For years, my mama had done her best to convince me it wasn’t my fault. Through tears, she’d say she knew it hurt, but that I was holding onto a burden that wasn’t my own.

She’d promise again and again that I’d been just a little boy, like that made a lick of difference.

Because it was that little boy who’d had to carry the knowledge of what he’d done to his daddy into his days of bein’ a man.

A man who’d had to stand aside, helpless, watchin’ his father wither away until there’d been nothing left. No reason to stay. So broken that he’d taken his life.

Then Genny…

Guessed it was karma responsible for that. The fact that what I’d done to my father had ruined her on the very same night.

It’d always felt like a message being sent.

The truth that I wasn’t allowed joy when I’d stolen his, and just for the fact that I’d tried to take a little of it, anyway, Genny’d been the one who’d had to pay.

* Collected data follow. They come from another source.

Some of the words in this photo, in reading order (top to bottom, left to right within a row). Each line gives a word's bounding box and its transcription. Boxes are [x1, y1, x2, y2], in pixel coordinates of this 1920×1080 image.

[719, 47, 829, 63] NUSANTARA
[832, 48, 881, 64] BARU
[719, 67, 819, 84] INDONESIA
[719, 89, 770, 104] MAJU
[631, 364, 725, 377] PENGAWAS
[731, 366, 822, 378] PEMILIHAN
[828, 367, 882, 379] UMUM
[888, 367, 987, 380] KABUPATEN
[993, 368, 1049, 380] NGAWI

I’d never known it so true than when I’d started to race down the driveway to where she’d pulled out in front of another pickup truck on the main road. Would never be about to forget the sound of the sheering and twisting and groaning of metal. The splintering of glass. It’d all happened two seconds before the trailer the other driver had been hauling had burst into flames.

I had never felt the true impact of it until I’d pulled her from the fiery wreckage.

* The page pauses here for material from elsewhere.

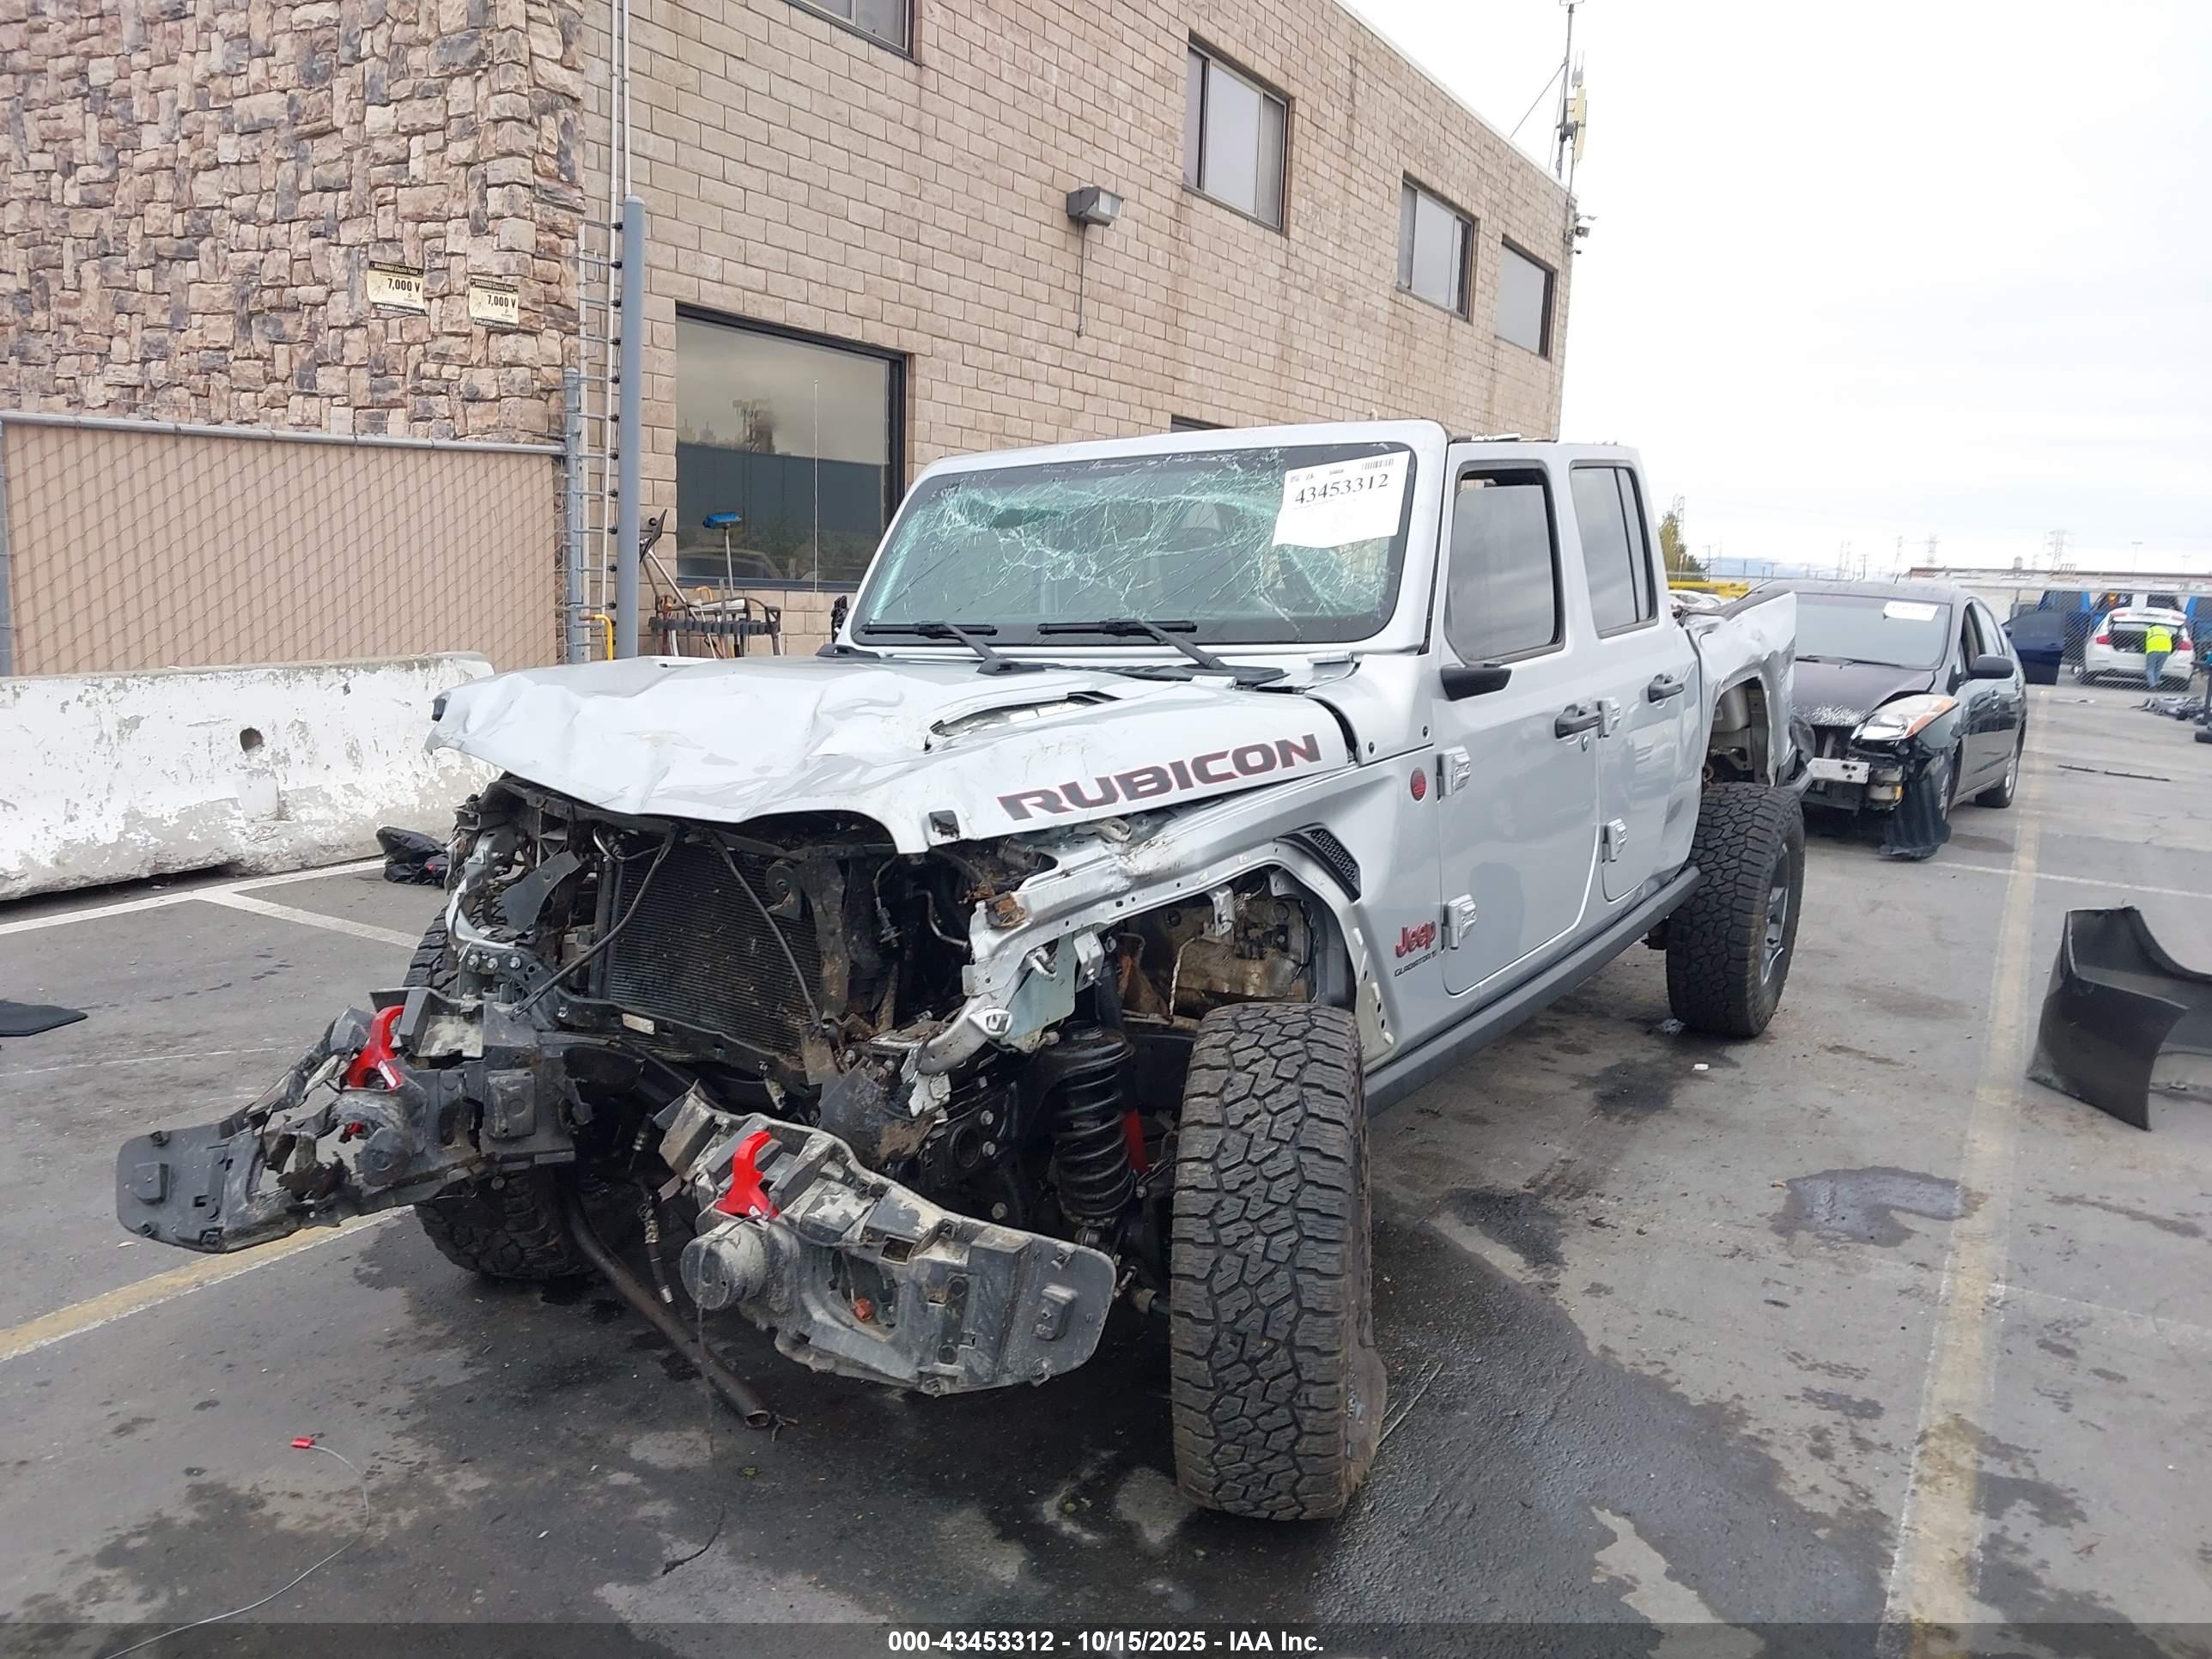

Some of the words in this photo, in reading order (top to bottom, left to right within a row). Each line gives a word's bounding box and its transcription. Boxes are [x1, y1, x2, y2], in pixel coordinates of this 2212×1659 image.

That was the night my fractured, mangled heart had completely collapsed.

Only saving grace had been that the paramedics had already been on site. They’d saved Genny and the other driver…my daddy was already gone.

Gone.

I choked over the swell of agony.

On some kind of twisted instinct, I reached for the one who’d come to hold the power to fill that void.

My Sweet, Sweet Thing.

Fear slicked like ice down my spine when my hand hit the spot-on the mattress where she’d fallen asleep curled in my arms. It was as cold and vacant as the warning I could hear howlin’ from within.

“Maggie,” I wheezed it, fighting the instant fear that rushed through my veins.

I scrubbed a palm over my face like it might put a crack in the chaos.